Morley has a long career as an investigative reporter and editor for the Washington Post, The New Republic and The Nation. On a daily basis, he manages a website entitled JFK Facts, which he has had since 2012, i.e. the year before the 50th anniversary of Kennedy's assassination, which is now available on Substack. Morley is also vice president of The Mary Ferrell Foundation, which collects and analyzes historical documents with a critical eye on a series of political assassinations in the 1960s, as well as on Watergate and its aftermath, where there are many episodes of abuse of the intelligence service.
Morley began his journalistic career in the 1980s covering the CIA's role in Cuba and in civil wars in El Salvador and Nicaragua.
He elaborates:
“That was my entrance into the CIA, not the assassination of Kennedy. I felt it was in the past, and I had no sources in the CIA, had nothing to add, but in 1992, Congress passed a law following Oliver Stone's film JFK, which required the authorities to release all documents related to the case . It sounded to me like a gold mine of good stories. I already knew quite a bit about the CIA, its history and crimes, but for me it wasn't about unraveling the conspiracy that Stone presented in his film, more about finding a lot of good stories.”
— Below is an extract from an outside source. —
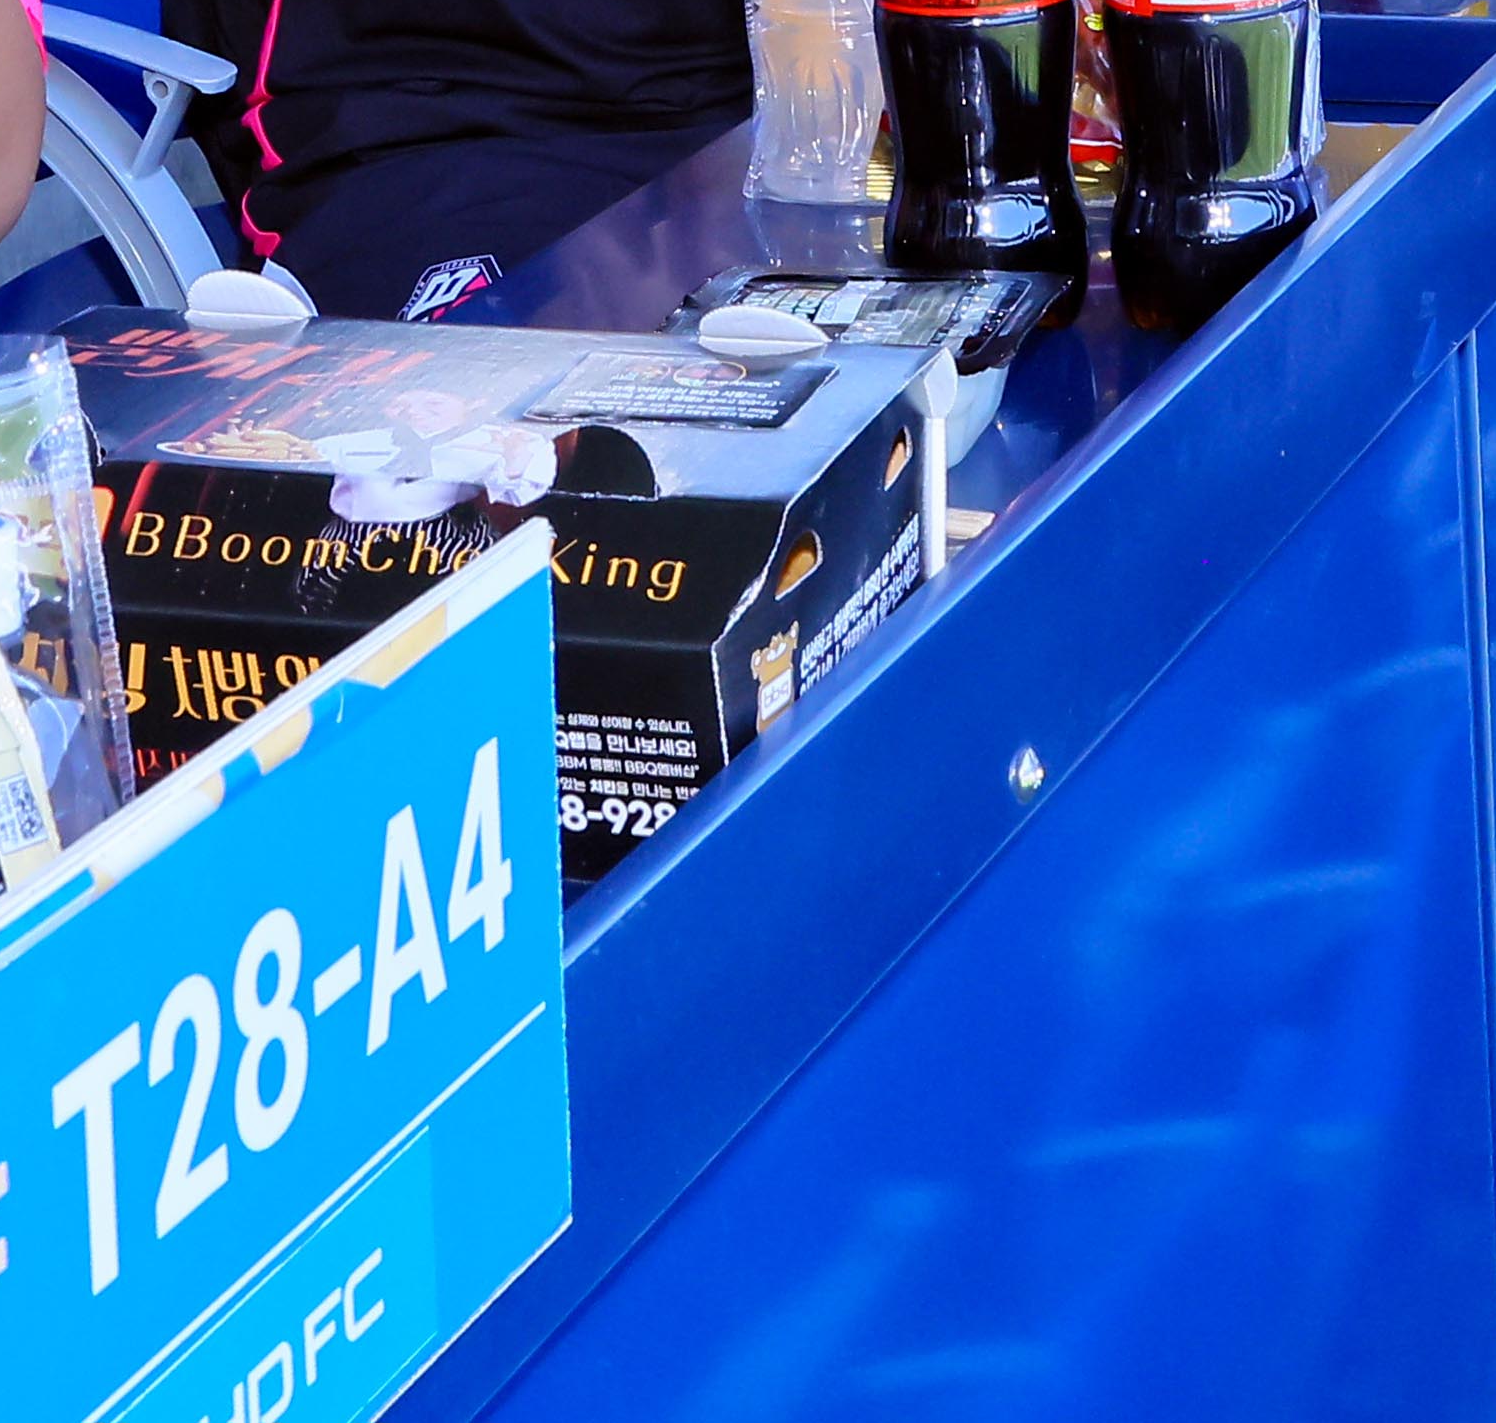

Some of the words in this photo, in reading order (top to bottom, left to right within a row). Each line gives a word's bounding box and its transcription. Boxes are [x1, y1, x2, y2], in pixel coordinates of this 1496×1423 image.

All documents were to be released
The 1992 law required the authorities to make all documents available no later than 25 years later, i.e. in 2017, but both Donald Trump and Joe Biden have agreed to a request from the CIA and FBI to continue to keep a small 4,000 documents behind lock and key, even if it contradicts the adopted law. This has been done with reference to the protection of methods and national security.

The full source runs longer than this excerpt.